Ein paar Jahre später, in 2017, kam es im Zuge des G20-Gipfels zu schweren Ausschreitungen in Hamburg. Am Fischmarkt startete die Demonstration „Welcome to Hell“. Die St. Pauli Kirche konterte mit einem „Welcome to Heaven“ und lud Menschen ein, friedlich zu demonstrieren und diskutieren. Gleichzeitig wurde das Kirchengelände Zufluchtsort für Verletzte und unbeteiligte Menschen.
Die St. Pauli Kirche ist jedoch noch viel mehr: Kindertagesheim, Jugendhaus, Rechtsberatung, Café, Diakonie, Seesorge, und, und, … und mit Sandra Starfinger als Pastorin und Sieghard Wilm als Pastor, sowie einem Gemeindesekretär, einem Küster, einer Kantorin, vielen helfenden Händen und der Gemeinde St. Pauli.
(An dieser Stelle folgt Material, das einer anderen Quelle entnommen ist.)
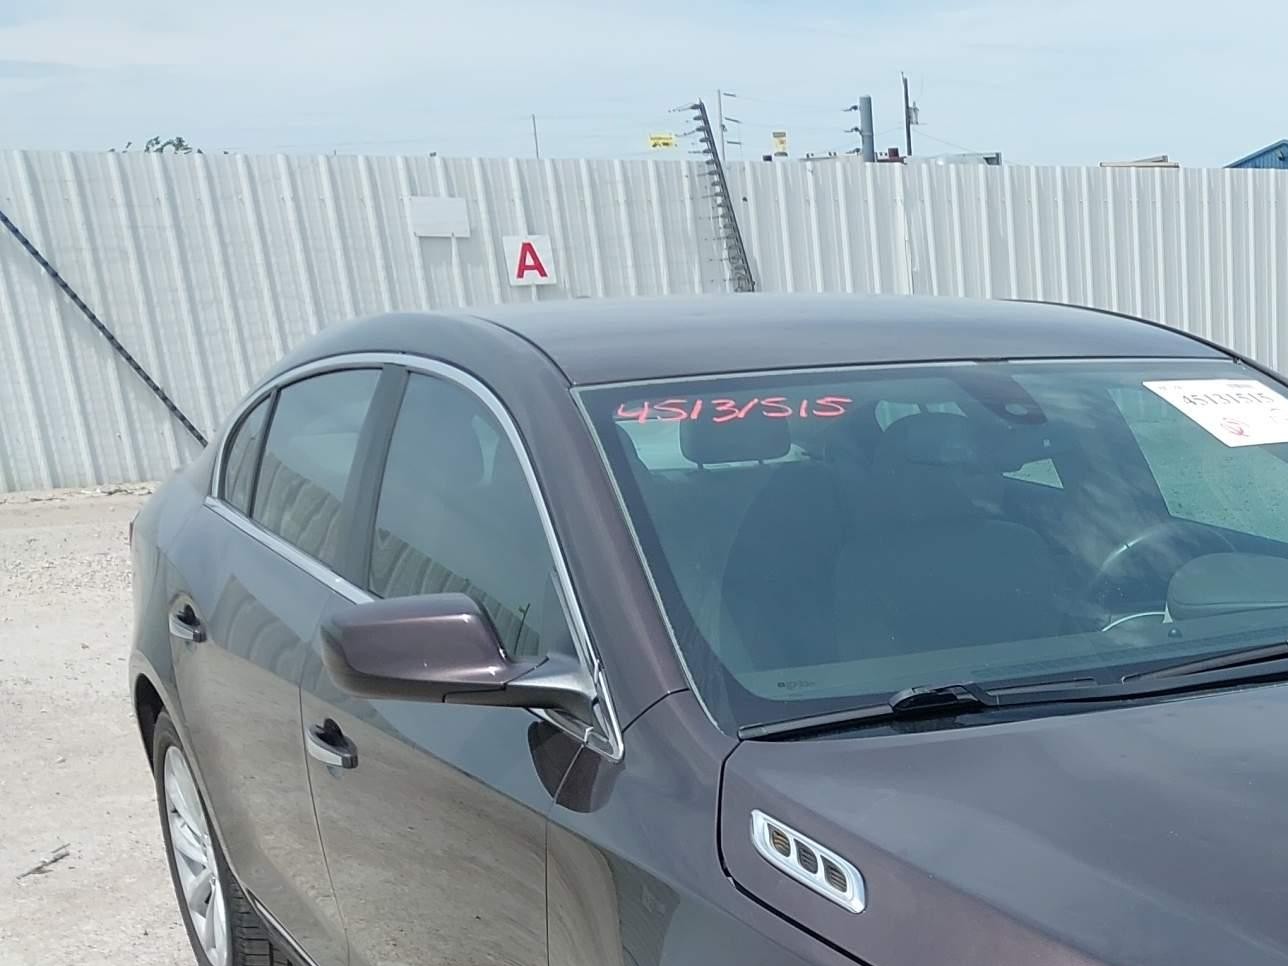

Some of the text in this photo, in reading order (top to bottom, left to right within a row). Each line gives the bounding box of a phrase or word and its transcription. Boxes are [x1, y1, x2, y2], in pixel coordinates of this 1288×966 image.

[516, 242, 549, 279] A
[617, 396, 853, 424] 45131515
[1181, 391, 1275, 407] 45131515
Wie immer sind die Texte zu meinen Bildern nur ein Bruchteil der ganzen Geschichte. Wer tiefer eintauchen will: Das Buch „Kreuz, Anker, Herz“ zum 200 jährigen Jubiläum der Kirche lädt auf einen kurzweiligen Tauchgang ein.
Natürlich gibt es noch andere Kirchen auf St. Pauli, wie die Gnadenkirche im Norden des Viertels, die St. Joseph Kirche auf der Großen Freiheit und auch die Matthiaskapelle in Waltershof gehört zur Gemeinde.